King County proposes E-Cig ban

By ACSH Staff — Dec 16, 2010
While the EPA tries to remove harmless substances from its hazards list, public health officials in Washington’s King County are doing quite the opposite by proposing a ban on the use of e-cigarettes in public places.

While the EPA tries to remove harmless substances from its hazards list, public health officials in Washington’s King County are doing quite the opposite by proposing a ban on the use of e-cigarettes in public places. Their rationale includes a host of nonsensical excuses, such as e-cigarettes lead to secondhand smoke, they are so similar in appearance to regular cigarettes that they’ll just confuse other bar patrons and encourage them to light up the real thing, and they are known to possess such carcinogenic chemicals as nitrosamines and diethylene glycol. If there were any veracity to these claims, then these would be great reasons to ban e-cigarettes, but as William T. Godshall, MPH, executive director of Smokefree Pennsylvania, points out, there isn’t.

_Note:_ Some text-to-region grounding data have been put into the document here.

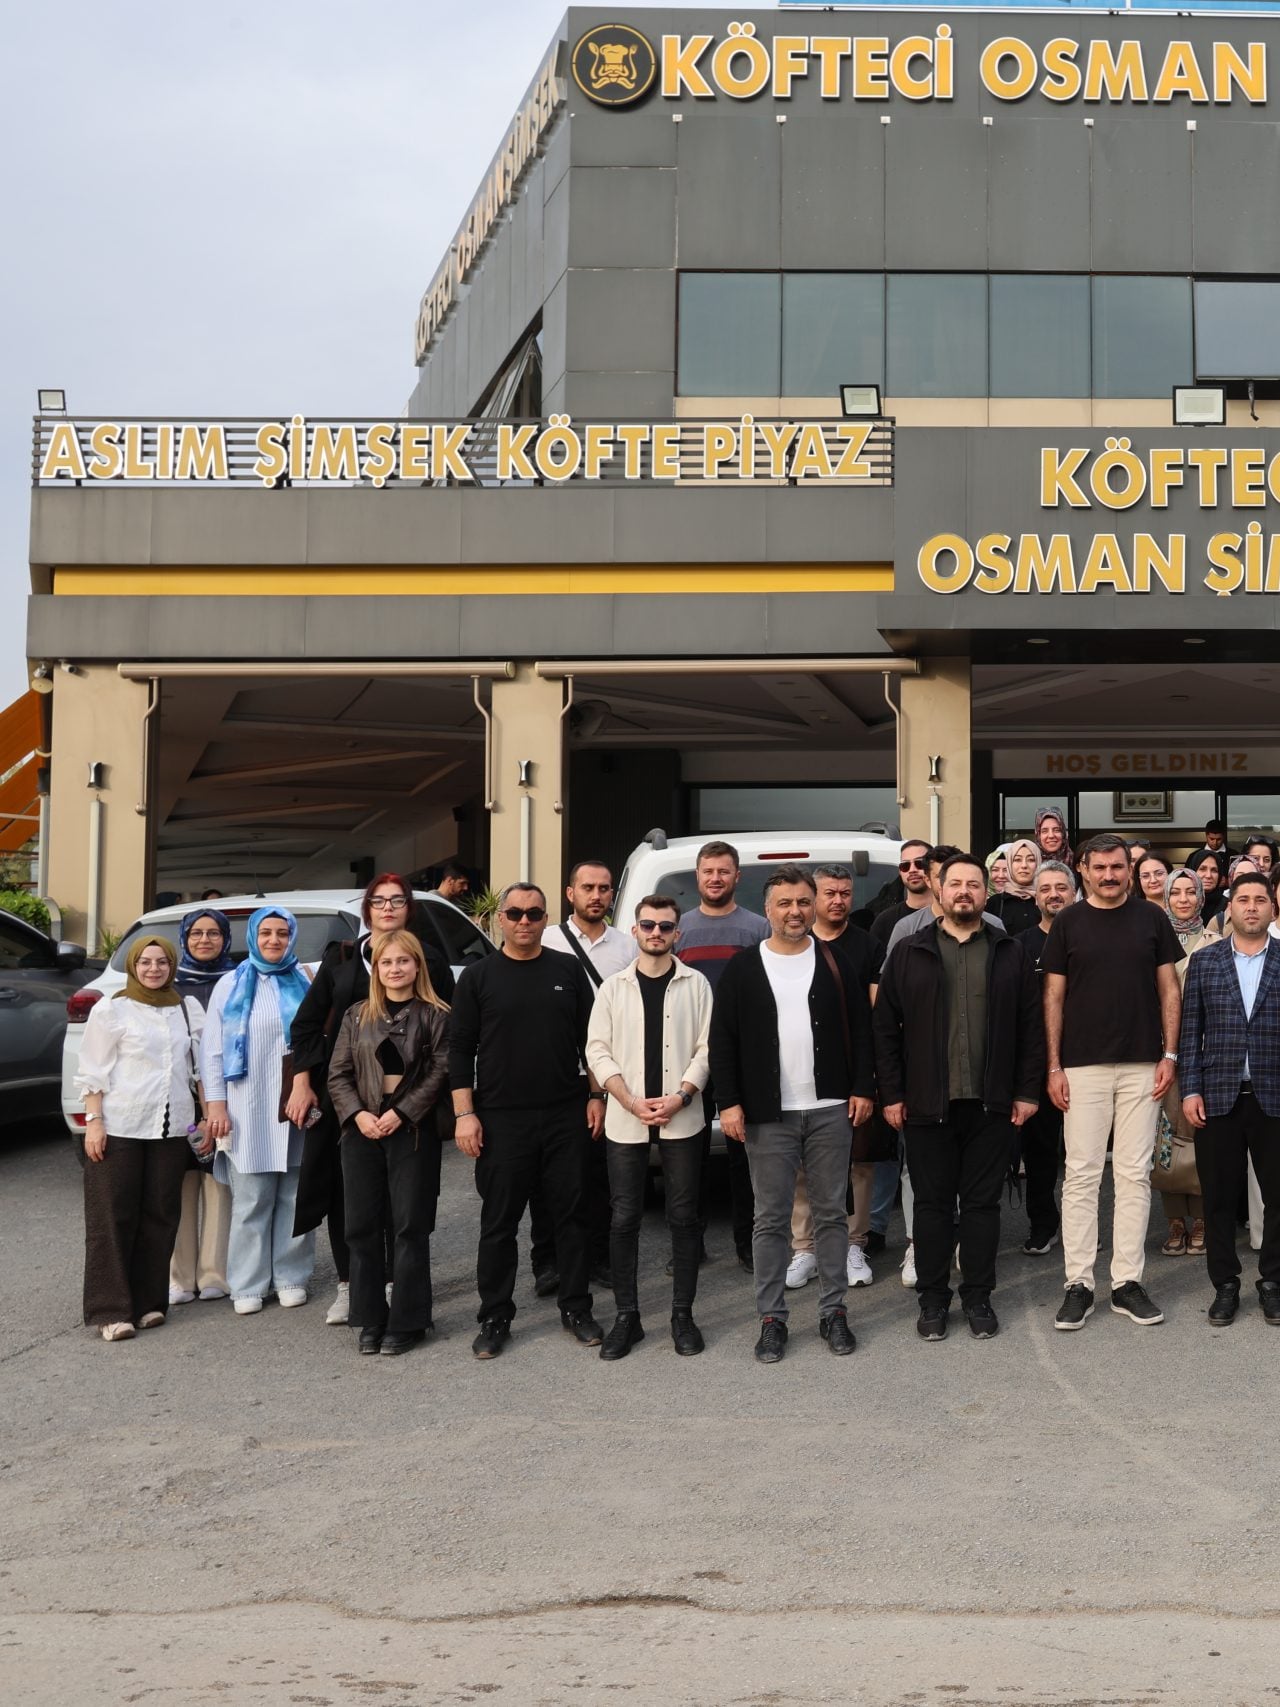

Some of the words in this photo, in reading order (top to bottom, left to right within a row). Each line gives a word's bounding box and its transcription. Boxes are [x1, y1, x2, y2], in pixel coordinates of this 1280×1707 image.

[661, 21, 954, 100] KÖFTECİ
[979, 36, 1267, 102] OSMAN
[40, 423, 229, 480] ASLIM
[252, 414, 474, 489] ŞİMŞEK
[496, 414, 681, 481] KÖFTE
[703, 414, 874, 479] PİYAZ
[917, 532, 1186, 595] OSMAN
[1046, 753, 1102, 775] HOŞ
[1111, 752, 1249, 773] GELDİNİZ

In a letter to the King County Board of Health, Mr. Godshall reminds regulators that there is actually no smoke emitted from e-cigarettes, and that the only so-called toxin (diethelyene glycol) the FDA found was present at trace levels that posed no adverse health risks in just one sample out of 19 e-cigarettes the government tested. In response to the claim that public e-cigarette use might encourage others to light up too, Mr. Godshall asks: “Will the Board of Health next propose banning obese people from public places” since they might pose the risk of encouraging people to eat more?

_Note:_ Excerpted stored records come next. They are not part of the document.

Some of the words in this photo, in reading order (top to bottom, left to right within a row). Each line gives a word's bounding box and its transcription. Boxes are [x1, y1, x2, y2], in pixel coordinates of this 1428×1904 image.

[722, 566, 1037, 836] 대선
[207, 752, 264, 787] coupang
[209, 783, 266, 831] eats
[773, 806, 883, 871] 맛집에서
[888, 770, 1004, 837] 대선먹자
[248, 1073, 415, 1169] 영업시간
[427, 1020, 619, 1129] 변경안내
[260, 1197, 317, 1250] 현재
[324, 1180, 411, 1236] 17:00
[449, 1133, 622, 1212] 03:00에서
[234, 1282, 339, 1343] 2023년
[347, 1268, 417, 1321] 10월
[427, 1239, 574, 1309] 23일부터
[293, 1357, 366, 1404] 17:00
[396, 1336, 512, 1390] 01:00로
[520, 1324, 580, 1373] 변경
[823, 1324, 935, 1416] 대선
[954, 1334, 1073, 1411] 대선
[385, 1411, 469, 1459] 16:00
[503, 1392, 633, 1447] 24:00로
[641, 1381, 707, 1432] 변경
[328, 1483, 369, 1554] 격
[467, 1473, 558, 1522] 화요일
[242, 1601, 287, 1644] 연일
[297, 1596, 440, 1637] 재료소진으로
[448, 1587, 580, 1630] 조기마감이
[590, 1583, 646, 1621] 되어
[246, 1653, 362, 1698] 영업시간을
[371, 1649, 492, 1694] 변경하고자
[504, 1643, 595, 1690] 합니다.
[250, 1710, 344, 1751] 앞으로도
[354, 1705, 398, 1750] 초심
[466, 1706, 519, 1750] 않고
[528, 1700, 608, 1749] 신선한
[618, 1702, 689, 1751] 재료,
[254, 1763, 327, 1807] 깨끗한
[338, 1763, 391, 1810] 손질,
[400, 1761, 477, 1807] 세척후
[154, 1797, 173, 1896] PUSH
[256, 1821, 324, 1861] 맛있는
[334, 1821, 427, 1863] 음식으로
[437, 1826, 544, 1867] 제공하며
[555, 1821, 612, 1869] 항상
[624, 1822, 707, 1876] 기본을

Since the reasons that the Board of Health cites to ban e-cigarettes are either false or ridiculous, ACSH's Dr. Gilbert Ross wonders: “Someone please tell me why people of good faith and intelligence are so vitriolic about e-cigarettes? Don’t they understand that 45 million addicted smokers desperately need an effective method to help them quit? When they try to ban e-cigarettes, the message they send is, ‘just keep on smoking regular cigarettes.’”

According to Mr. Godshall’s figures, “about 500,000 smokers in America have quit smoking or sharply reduced cigarette consumption by switching to e-cigarettes in the past several years, and many/most e-cigarette consumers have found the products effective for quitting smoking and improving respiratory health.”